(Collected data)
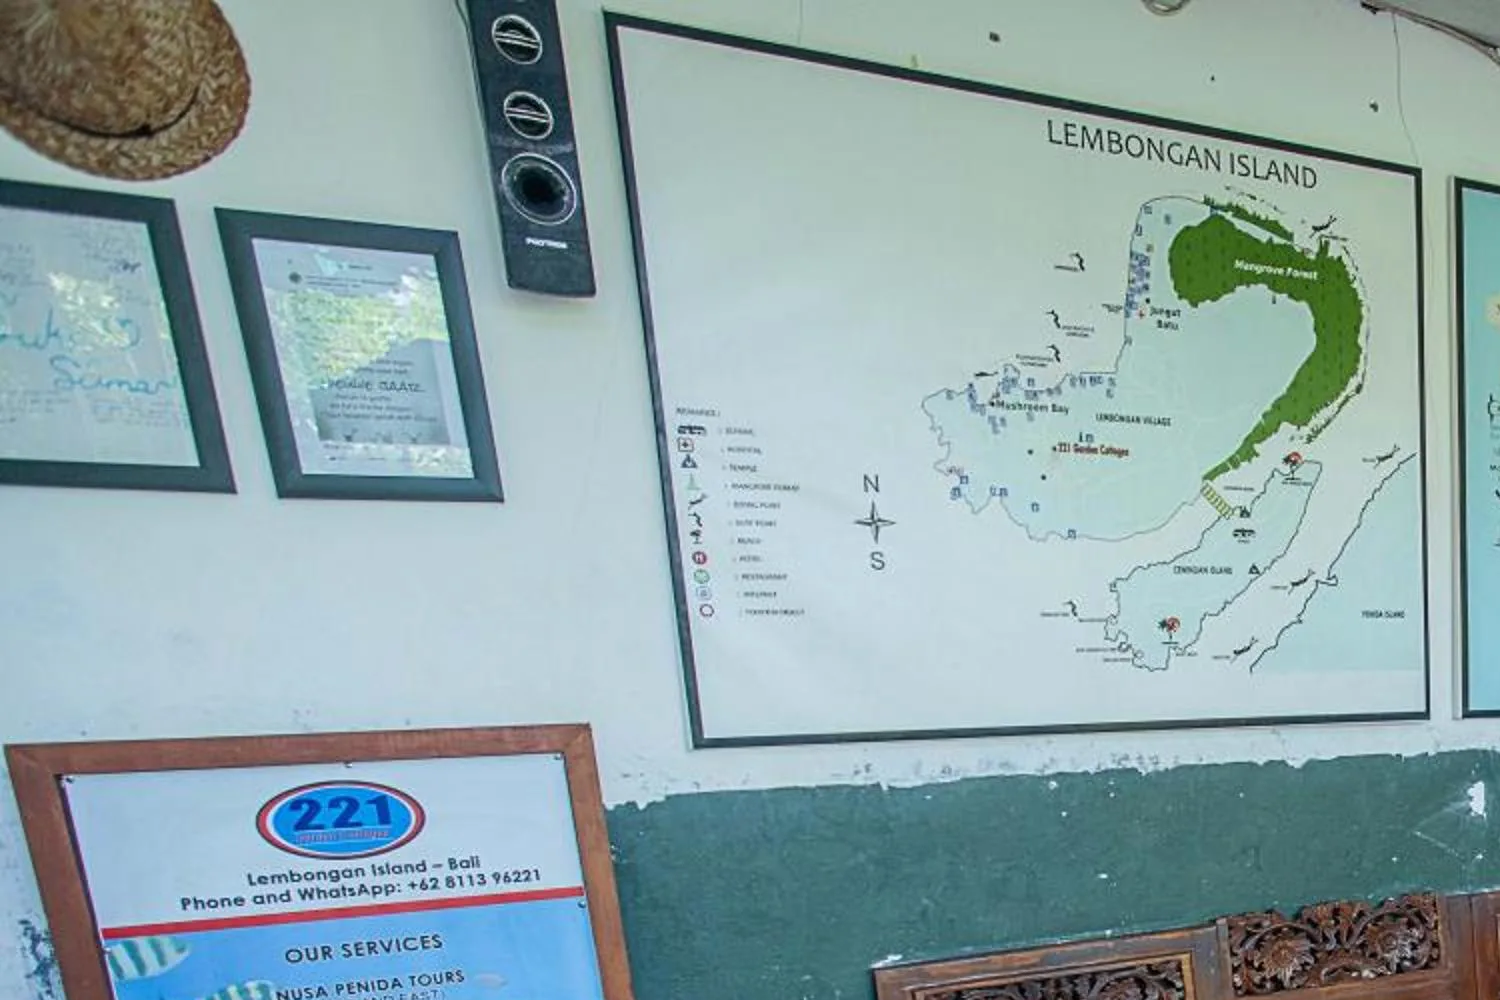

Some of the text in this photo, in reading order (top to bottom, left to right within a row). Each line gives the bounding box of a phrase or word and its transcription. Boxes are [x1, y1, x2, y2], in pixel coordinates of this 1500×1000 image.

[1047, 120, 1317, 190] LEMBONGAN ISLAND
[1233, 259, 1318, 281] Mangrove Forest
[1149, 306, 1181, 319] Jungut
[1156, 319, 1179, 331] Batu
[995, 399, 1069, 415] Mushroom Bay
[1095, 413, 1171, 427] LEMBONGAN VILLAGE
[863, 475, 880, 493] N
[870, 551, 886, 571] S
[290, 795, 391, 831] 221
[248, 866, 365, 888] Lembongan
[372, 859, 427, 878] Island
[448, 856, 480, 870] Bali
[181, 869, 541, 911] Phone and WhatsApp: +62 8113 96221
[285, 934, 443, 963] OUR SERVICES
[335, 977, 402, 996] PENIDA
[409, 969, 465, 987] TOURS
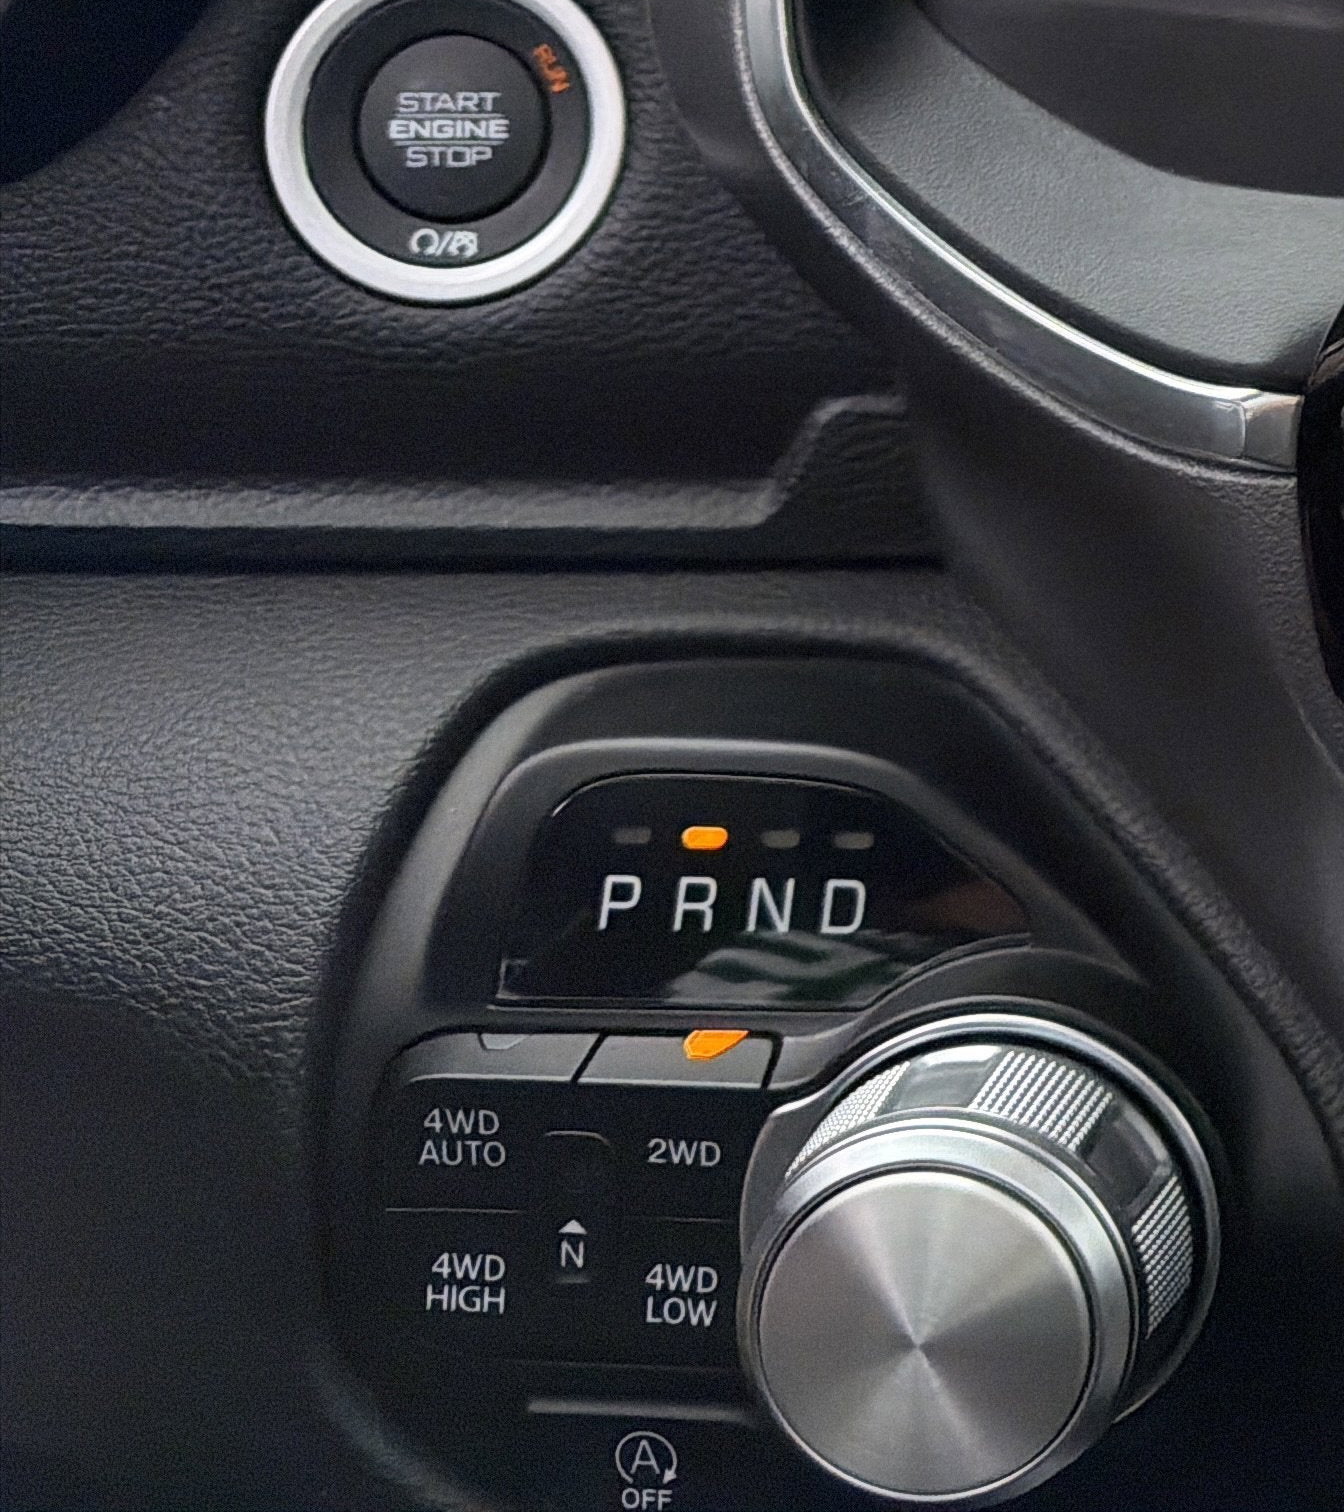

REQUIRED WORK :: In the copy, no picture may appear; the records themselves must be output exactly.

OUTPUT ::
Some of the text in this photo, in reading order (top to bottom, left to right within a row). Each line gives the bounding box of a phrase or word and its transcription. Boxes are [x1, y1, x2, y2], in pixel coordinates of this 1500×1000 image.

[1047, 120, 1317, 190] LEMBONGAN ISLAND
[1233, 259, 1318, 281] Mangrove Forest
[1149, 306, 1181, 319] Jungut
[1156, 319, 1179, 331] Batu
[995, 399, 1069, 415] Mushroom Bay
[1095, 413, 1171, 427] LEMBONGAN VILLAGE
[863, 475, 880, 493] N
[870, 551, 886, 571] S
[290, 795, 391, 831] 221
[248, 866, 365, 888] Lembongan
[372, 859, 427, 878] Island
[448, 856, 480, 870] Bali
[181, 869, 541, 911] Phone and WhatsApp: +62 8113 96221
[285, 934, 443, 963] OUR SERVICES
[335, 977, 402, 996] PENIDA
[409, 969, 465, 987] TOURS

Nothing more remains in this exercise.